Overall Diagnostic Accuracy

Measurement CTA SPECT P
Area under the curve (AUC) 0.91 0.69 <0.001
Sensitivity 0.92 0.62 <0.001
Specificity 0.75 0.68 0.23
Positive predictive value (PPV) 0.84 0.74 0.001
Negative predictive value (NPV) 0.60 0.55 <0.0001

In their paper, Arbab-Zadeh, along with senior investigator Dr Julie Miller (Johns Hopkins University), note that stress testing, commonly combined with SPECT-MPI, often functions as a gatekeeper for patients with anginalike symptoms because of the risks and costs of taking the patient directly to the catheterization laboratory. CTA, they point out, is a noninvasive imaging test that has performed well, yielding high diagnostic accuracy, when compared with cardiac catheterization in several studies.

Overall, the researchers say the use of CTA was more accurate than SPECT-MPI for ruling in and ruling out coronary disease—confirmed by quantitative angiography—for all patients except those with severe coronary calcification and those with anatomy indicative of high-risk coronary disease. In patients with severe calcification, for example, diagnostic accuracy was similar between CTA and SPECT-MPI, a result that was mainly driven by less specificity for diagnosing coronary artery disease with CTA in patients with a calcium score >400. Similarly, in the 111 high-risk patients, specificity was also significantly lower than with SPECT-MPI.

The researchers say the performance of CTA was most “balanced” when a coronary stenosis threshold of 55% was used to identify patients with coronary artery disease on angiography. In that setting, the sensitivity and specificity was 88% and 83%, respectively, compared with 92% and 75%, respectively, when the prespecified 50%-stenosis threshold was used.

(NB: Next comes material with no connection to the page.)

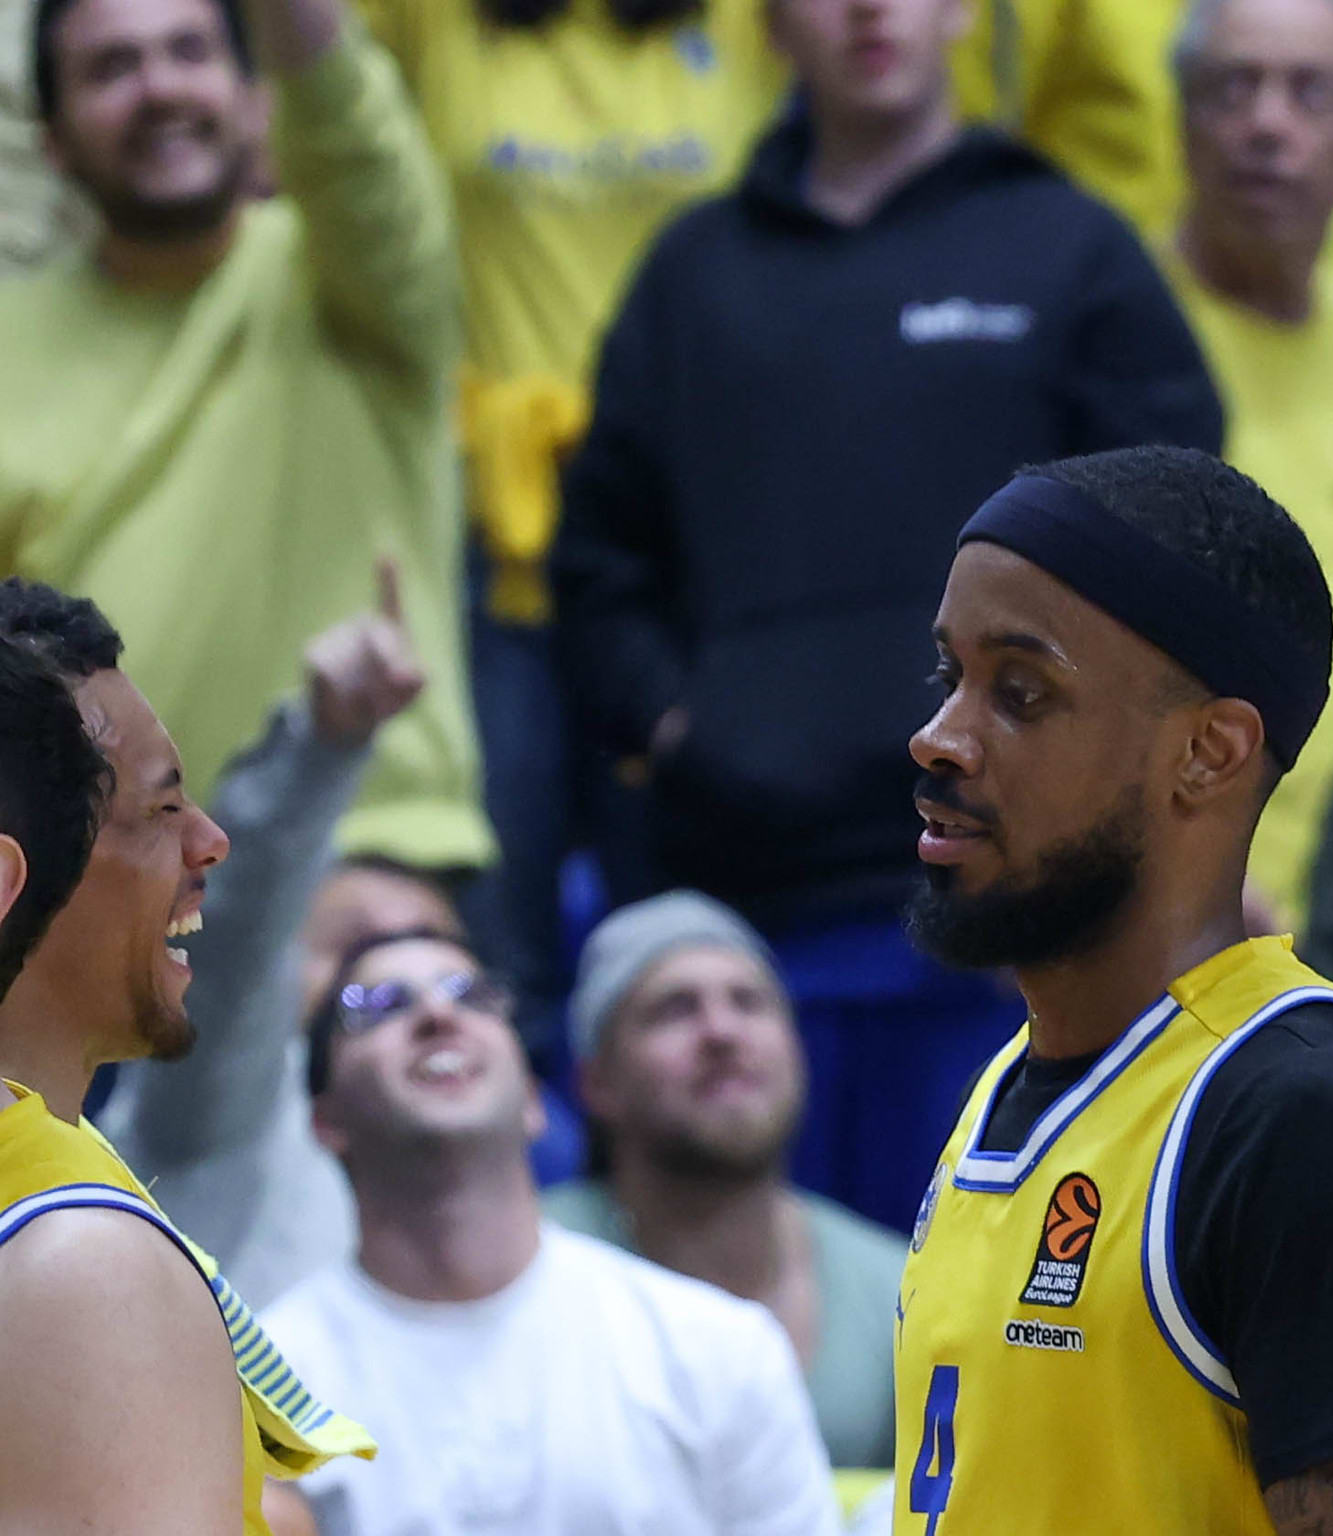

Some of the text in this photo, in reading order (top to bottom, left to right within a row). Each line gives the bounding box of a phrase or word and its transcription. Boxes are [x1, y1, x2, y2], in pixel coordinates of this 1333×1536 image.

The mean radiation dose was CTA was 3.9 mSv, which was significantly lower than the 9.8 mSv recorded for patients undergoing SPECT-MPI.

The researchers conclude by stating that while CTA may be more effective than SPECT-MPI for diagnosing coronary disease, as well as ruling it out, recent trial results suggest screening with CTA is associated with more downstream cardiac catheterization and revascularization procedures, all without conclusive evidence of improved outcomes. Given this, “functional evaluation may be necessary before considering coronary interventions if CTA is used as first-line testing for coronary artery disease evaluation,” state Arbab-Zadeh and colleagues.

This work was funded in part by the division of intramural research of the National Heart, Lung, and Blood Institute, National Institutes of Health. Arbab-Zadeh and Miller served on the CORE320 steering committee. Disclosures for the coauthors are listed in the paper.